Qdrant Vector Store

Creating a Qdrant client

import logging
import sys

logging.basicConfig(stream=sys.stdout, level=logging.INFO)
logging.getLogger().addHandler(logging.StreamHandler(stream=sys.stdout))
import qdrant_client
client = qdrant_client.QdrantClient(
    # you can use :memory: mode for fast and light-weight experiments,
    # it does not require to have Qdrant deployed anywhere
    # but requires qdrant-client >= 1.1.1
    location=":memory:"

    # otherwise set Qdrant instance address with:
    # uri="http://<host>:<port>"

    # set API KEY for Qdrant Cloud
    # api_key="<qdrant-api-key>",
)

Load documents, build the GPTQdrantIndex

from llama_index import GPTVectorStoreIndex, SimpleDirectoryReader
from IPython.display import Markdown, display
# load documents
documents = SimpleDirectoryReader('../data/paul_graham').load_data()
from llama_index.vector_stores.qdrant import QdrantVectorStore


vector_store = QdrantVectorStore(client=client, collection_name='paul_graham')
index = GPTVectorStoreIndex.from_documents(documents)
INFO:llama_index.token_counter.token_counter:> [build_index_from_nodes] Total LLM token usage: 0 tokens
> [build_index_from_nodes] Total LLM token usage: 0 tokens
INFO:llama_index.token_counter.token_counter:> [build_index_from_nodes] Total embedding token usage: 20729 tokens
> [build_index_from_nodes] Total embedding token usage: 20729 tokens

Query Index

# set Logging to DEBUG for more detailed outputs
query_engine = index.as_query_engine()
response = query_engine.query("What did the author do growing up?")
INFO:llama_index.token_counter.token_counter:> [retrieve] Total LLM token usage: 0 tokens
> [retrieve] Total LLM token usage: 0 tokens
INFO:llama_index.token_counter.token_counter:> [retrieve] Total embedding token usage: 8 tokens
> [retrieve] Total embedding token usage: 8 tokens
INFO:llama_index.token_counter.token_counter:> [get_response] Total LLM token usage: 1920 tokens
> [get_response] Total LLM token usage: 1920 tokens
INFO:llama_index.token_counter.token_counter:> [get_response] Total embedding token usage: 0 tokens
> [get_response] Total embedding token usage: 0 tokens
display(Markdown(f"<b>{response}</b>"))
Growing up, the author wrote short stories, programmed on an IBM 1401, and nagged his father to buy him a TRS-80 microcomputer.
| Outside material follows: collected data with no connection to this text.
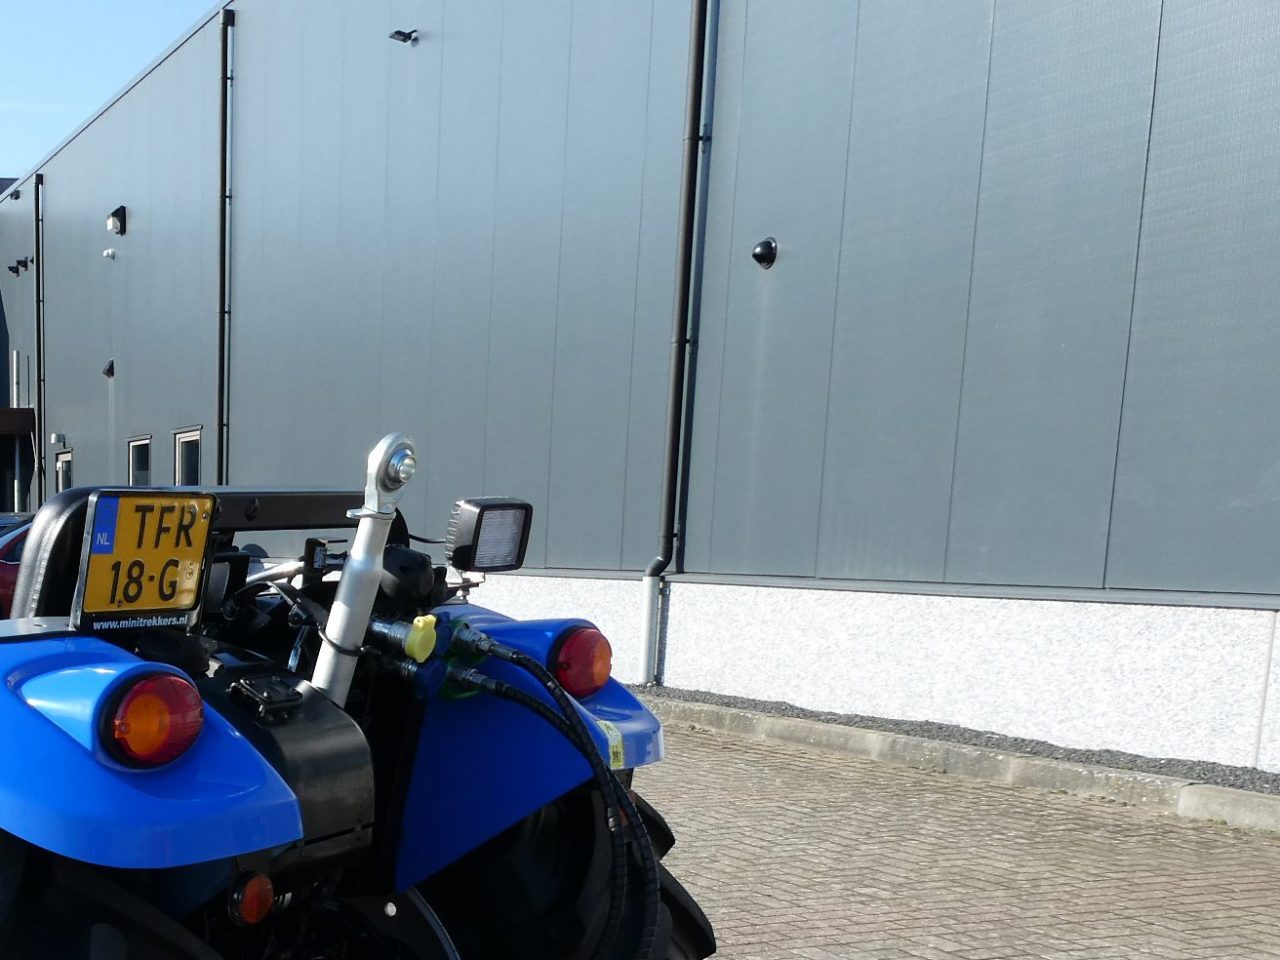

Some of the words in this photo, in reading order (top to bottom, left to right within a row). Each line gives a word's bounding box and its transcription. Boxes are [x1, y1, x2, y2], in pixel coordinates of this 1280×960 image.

[135, 504, 197, 549] TFR
[96, 533, 110, 545] NL
[93, 615, 188, 631] www.minitrekkers.nl
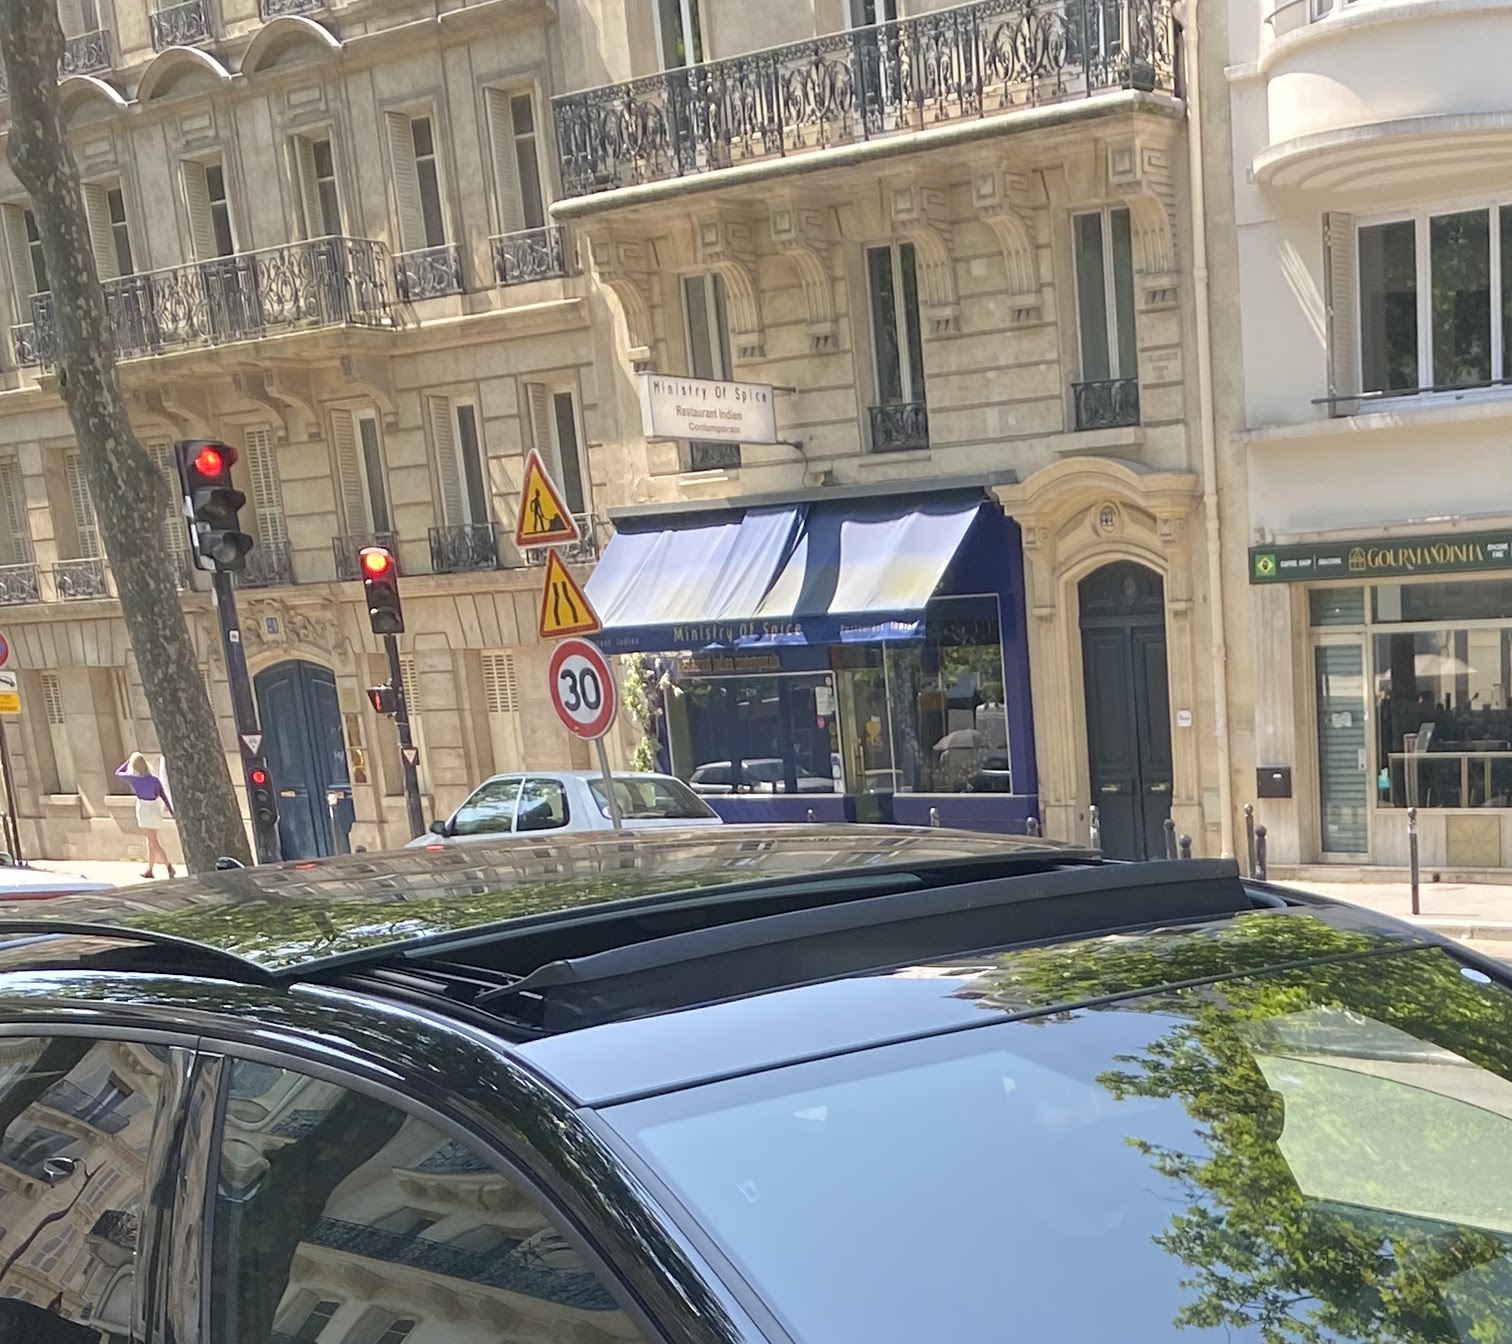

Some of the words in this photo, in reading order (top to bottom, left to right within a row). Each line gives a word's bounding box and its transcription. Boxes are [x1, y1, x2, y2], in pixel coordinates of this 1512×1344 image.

[653, 381, 706, 401] Ministry
[715, 385, 727, 399] Of
[735, 387, 767, 404] Spice
[676, 405, 717, 419] Restaurant
[673, 623, 734, 643] Ministry
[560, 666, 601, 712] 30
He wrote simple games, a program to predict how high his model rockets would fly, and a word processor. He also studied philosophy in college, but switched to AI after becoming bored with it. He then took art classes at Harvard and applied to art schools, eventually attending RISD.
# set Logging to DEBUG for more detailed outputs
query_engine = index.as_query_engine()
response = query_engine.query("What did the author do after his time at Y Combinator?")
INFO:llama_index.token_counter.token_counter:> [retrieve] Total LLM token usage: 0 tokens
> [retrieve] Total LLM token usage: 0 tokens
INFO:llama_index.token_counter.token_counter:> [retrieve] Total embedding token usage: 14 tokens
> [retrieve] Total embedding token usage: 14 tokens
INFO:llama_index.token_counter.token_counter:> [get_response] Total LLM token usage: 1931 tokens
> [get_response] Total LLM token usage: 1931 tokens
INFO:llama_index.token_counter.token_counter:> [get_response] Total embedding token usage: 0 tokens
> [get_response] Total embedding token usage: 0 tokens
display(Markdown(f"<b>{response}</b>"))
After his time at Y Combinator, the author continued to write essays and work on other projects. He also wrote Hacker News in Arc, a programming language, and worked on a new version of Arc. He also continued to work on other projects, such as a news aggregator for startup founders. He eventually took Robert Morris' advice and made sure Y Combinator wasn't the last cool thing he did.